EphA3 signaling is required for proper pathfinding of the callosal axons derived from the lateral cortex. A, B, E, Immunostaining for GFP in RNAi experiments for EphA3 (A, B) and the rescue experiments (E). A′, B′, and E′ are high-magnification images of the boxed regions in A, B, and E. Abnormal axons/bundles are indicated with white arrows in B′. The length of the longest axon was also decreased by EphA3-knockdown (white arrowheads in A and B). C, The number of abnormal axons/bundles in A′ and B′. We analyzed 23 brains (Consh, 11; EphA3sh#2, 12). D, Immunoblotting to examine the efficiency of rescue by resEphA3 for EphA3sh#2. 293T cells were transfected with the indicated plasmids, and the cell lysates were subjected to immunoblotting for EphA3. The resEphA3 plasmid appeared to be resistant to knockdown by EphA3sh#2. E, The elongation failure of callosal axons was rescued by cotransfection with the rescue vector (arrowhead in E). F, The number of abnormal axons/bundles in the rescue experiments. We analyzed 21 brains (EphA3sh#2+Control, 13; EphA3sh#2+resEphA3, 8). G, Schematic representation of the quantification method used in H and I. H, I, Quantitative data of the ratio of the intensity of GFP-positive axons leaving the CC to that of the GFP-positive axons entering the CC in the knockdown experiments (H) and the rescue experiments (I).
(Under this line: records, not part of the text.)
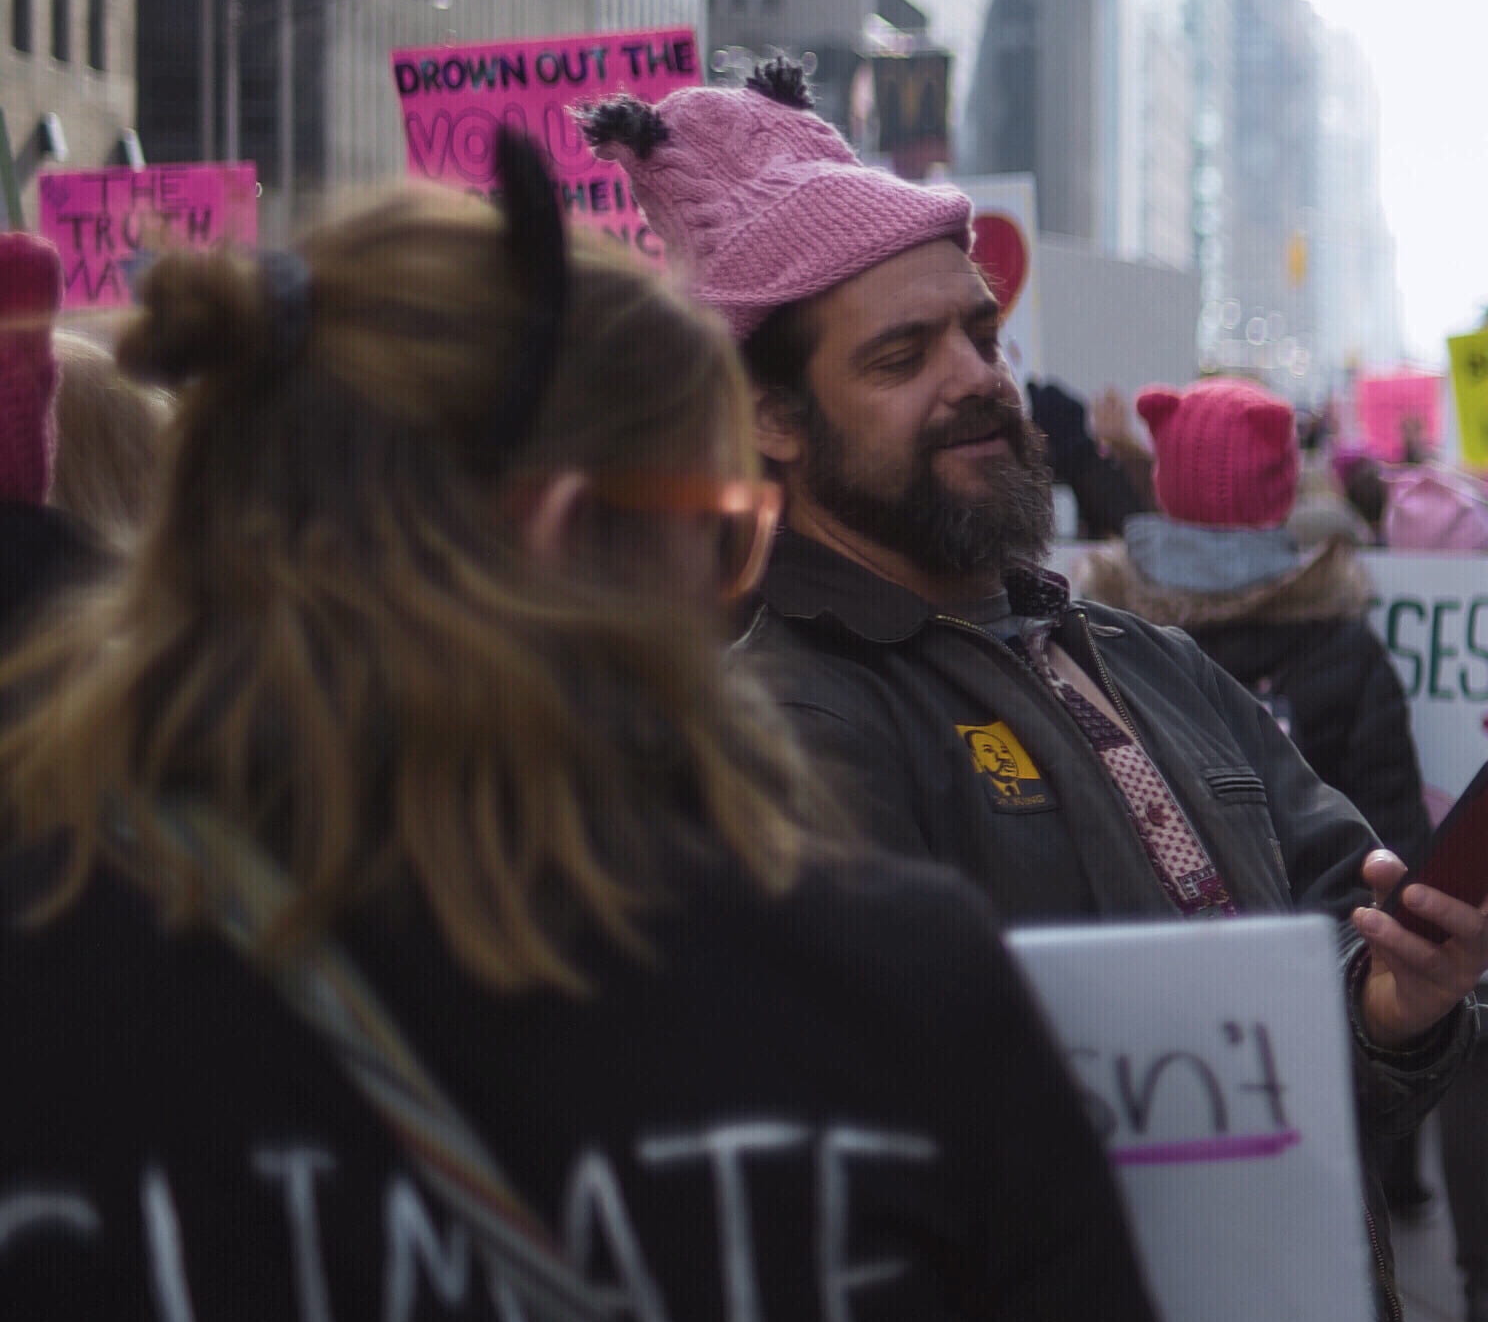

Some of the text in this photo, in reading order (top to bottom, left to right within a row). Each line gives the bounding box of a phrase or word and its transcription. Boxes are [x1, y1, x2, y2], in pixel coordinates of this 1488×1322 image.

[394, 34, 695, 96] DROWN OUT THE
[80, 171, 188, 214] THE
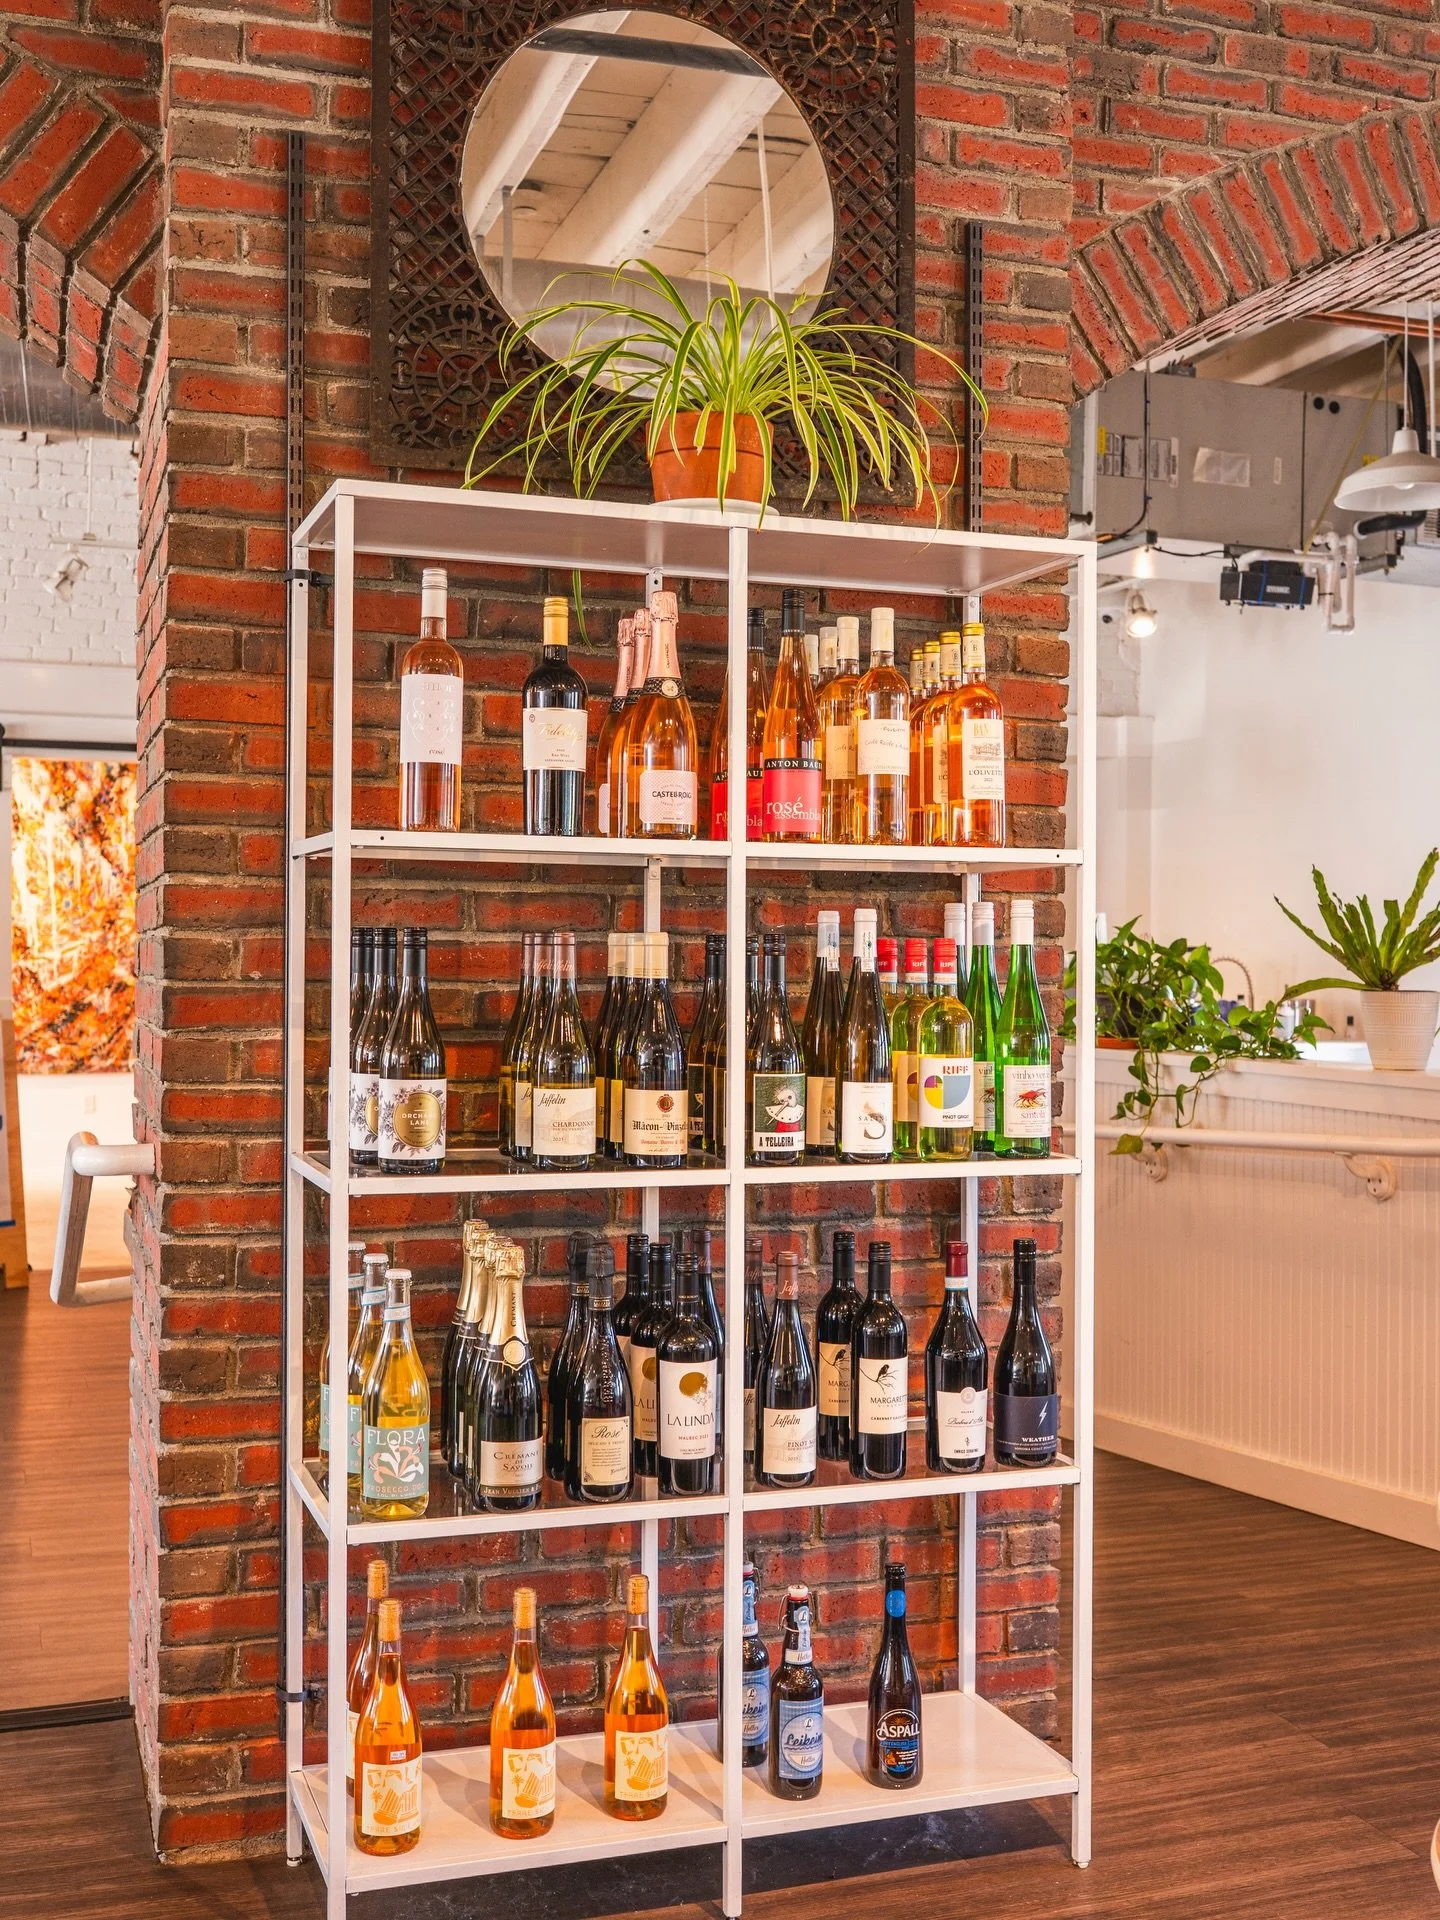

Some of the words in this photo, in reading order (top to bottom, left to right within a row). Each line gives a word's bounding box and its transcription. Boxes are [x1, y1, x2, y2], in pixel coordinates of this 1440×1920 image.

[766, 760, 799, 768] ANTON
[766, 797, 803, 815] rosé
[943, 1065, 969, 1074] RIFF
[538, 1093, 566, 1107] Jaffelin
[759, 1136, 763, 1147] A
[765, 1136, 794, 1147] TELLEIRA
[667, 1413, 682, 1426] LA
[684, 1412, 714, 1427] LINDA
[770, 1414, 800, 1427] Jaffelin
[367, 1428, 425, 1446] FLORA
[876, 1721, 920, 1740] ASPALL
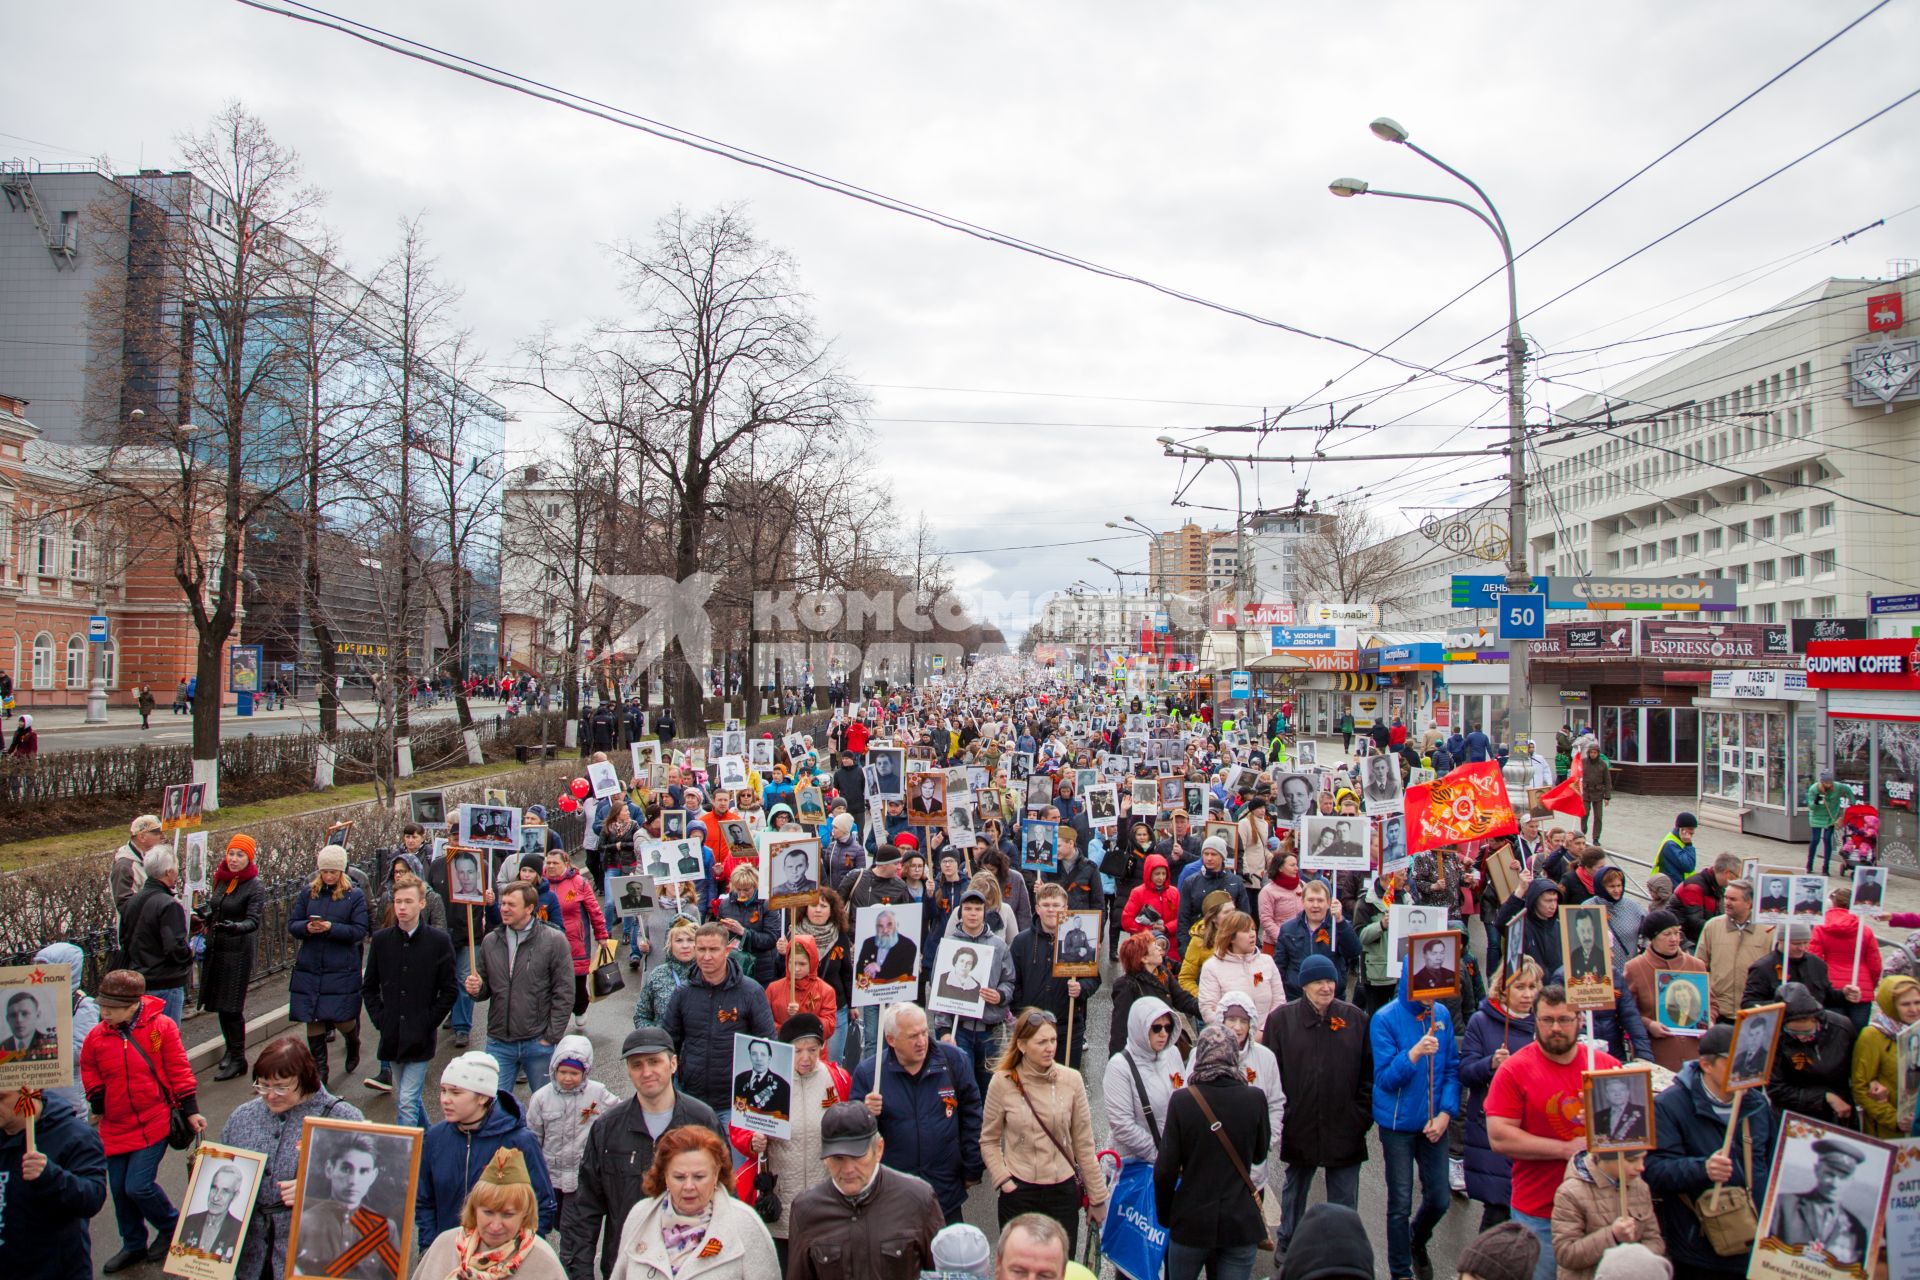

J, K, Abnormal axons observed around the midline of the CC. The GFP-positive axons around the midline from the control (J) and EphA3-knockdown (K) experiments are shown. J′ and K′ show merged images of the GFP signals with immunostaining for Cntn2 (magenta). While most of the lateral cortical axons passed through the ventral part of the CC in the control, the EphA3-knockdown lateral cortical axons could not follow the normal axonal trajectory. L, Immunocytochemistry for HA to examine the efficiency of knockdown by EphA5-silencing vectors on ectopically expressed HA-EphA5. EphA5sh effectively knocked down the expression of EphA5. M, N, Immunostaining for GFP in RNAi experiment for EphA5. M, Normal axon pathfinding observed around the midline of the CC in the EphA5-knockdown neurons. N, Normal axonal elongation was also observed. *p < 0.05. Scale bars: A, N, 500 μm; A′, J, M, 100 μm; L, 10 μm.

Figure 8.

Model of interaction between the medial and lateral callosal axons. The repulsive effects between the medial and lateral cortical axons contribute to the axonal segregation in the CC. Under normal conditions, lateral cortical axons would use the interaction with medial cortical axons to project to the contralateral neurons in the lateral cortex through the CC. When the functions of EphA3 are inhibited, the lateral cortical axons cannot interact with the medial cortical axons, disrupting their correct pathfinding and/or proper extension.